According to Floris de Witte, free movement can advance a ‘more inclusive way of thinking about what freedom, justice, equality and participation should mean in the EU’. He also writes that free movement as the core of EU citizenship ‘benefits all those citizens – whether they make use of it or not’. Here we encounter the question of whether all EU citizens are able to enjoy the right to free movement. I agree with Daniel Thym’s point that, if we take seriously the argument that free movement ‘ought to be available under similar conditions for all nationals of the Member States’, a more comprehensive account of social justice is still needed for the EU.Footnote 2 The idea of free movement may indeed be central to actualising the principles of transnational justice. But it will then be seen as a tool for justice, rather than as an end of EU citizenship.

It seems difficult to justify the non-economic right to free movement and residence without first accepting a more independent equality objective for EU citizenship. Any reference to EU citizenship as an equal status nevertheless raises a set of difficult questions about belonging and solidarity. According to Richard Bellamy, EU citizenship must not bring about the demise of the ‘political infrastructure’ that advances the degree of solidarity that is arguably required for securing many rights within the Member States. Bellamy’s account holds that just relations between citizens can be understood as ‘relations of those who share a social space’. But his statist conclusion becomes less self-evident if we assume that ‘a social space’ can also be constructed transnationally. If equality is understood as a ‘normative ideal of human relations’Footnote 3, the important question for EU citizenship, as well as for the existence of the EU as an ‘emergent polity’Footnote 4, is whether it is possible to construct meaningful relations for the purposes of equal treatment outside the context of ex ante belonging.
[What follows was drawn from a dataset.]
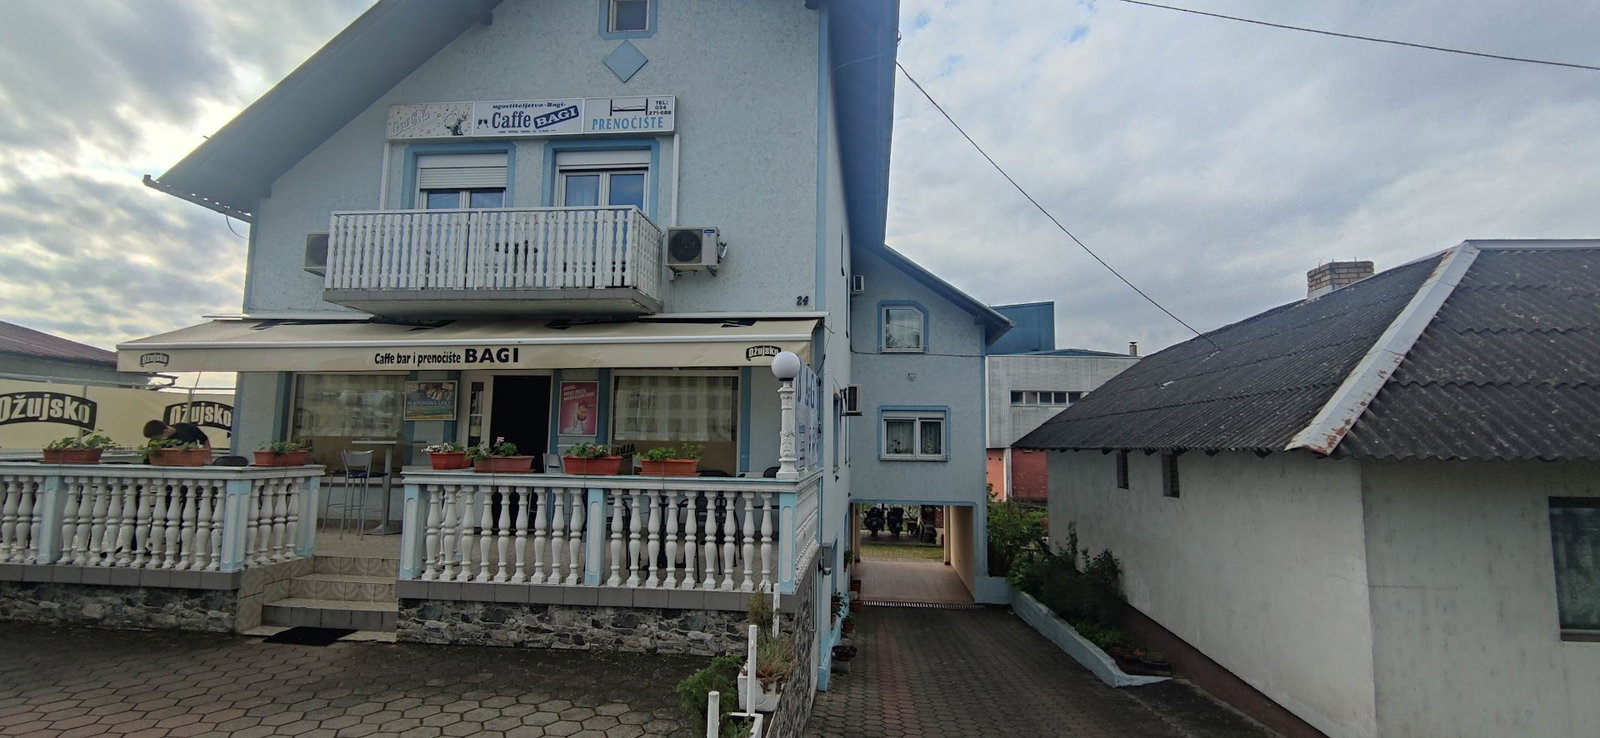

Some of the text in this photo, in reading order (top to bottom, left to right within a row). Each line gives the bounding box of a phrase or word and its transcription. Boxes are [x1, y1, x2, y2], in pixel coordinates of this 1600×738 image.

It seems to me that the argument of self-realisation through free movement does not yet adequately take into account the relational potential of EU citizenship. In his contribution, Floris de Witte refers to ‘a ‘stateless’ or ‘anchorless’ idea of belonging and community’ as the ‘strength’ of EU citizenship. Although his argument of free movement as an ‘emancipatory force’ seeks to challenge ‘communitarian ties’, I hope it would also say more about whether those relationships that constitute a meaningful ‘social space’ can be transformed and redefined through European integration – without just replicating the exclusionary ‘community of fate’ transnationally? If this question can only be answered in the negative, those authors who are concerned about the harmful implications of EU citizenship for political and social emancipation may have an important point to make.Footnote 5 However, I have argued elsewhere that EU citizens’ equal treatment is closely connected to the gradual process of transnational subjectification, the outcome of which may ultimately justify a more positive answer to the above question of meaningful relations.Footnote 6

In sum, free movement can have a central role in constructing a transnational political and legal subject. But I see it as one method of advancing more just and equal relations between EU citizens, rather than as the only objective of EU citizenship. Floris de Witte suggests that ‘the added value that EU citizenship can offer primarily lies in its connection to free movement’. However, if the added value of EU citizenship is ultimately connected to how we respond to otherness within the EU, free movement is not the only context in which EU citizens can express their subjectivity as EU citizens in a meaningful way. At the end of his forum post, de Witte, too, seems to come close to this view when he writes that free movement is how the ‘virtue’ of ‘a new – less ethnic – way of thinking about the role of the individual in the EU’ is ‘implemented’.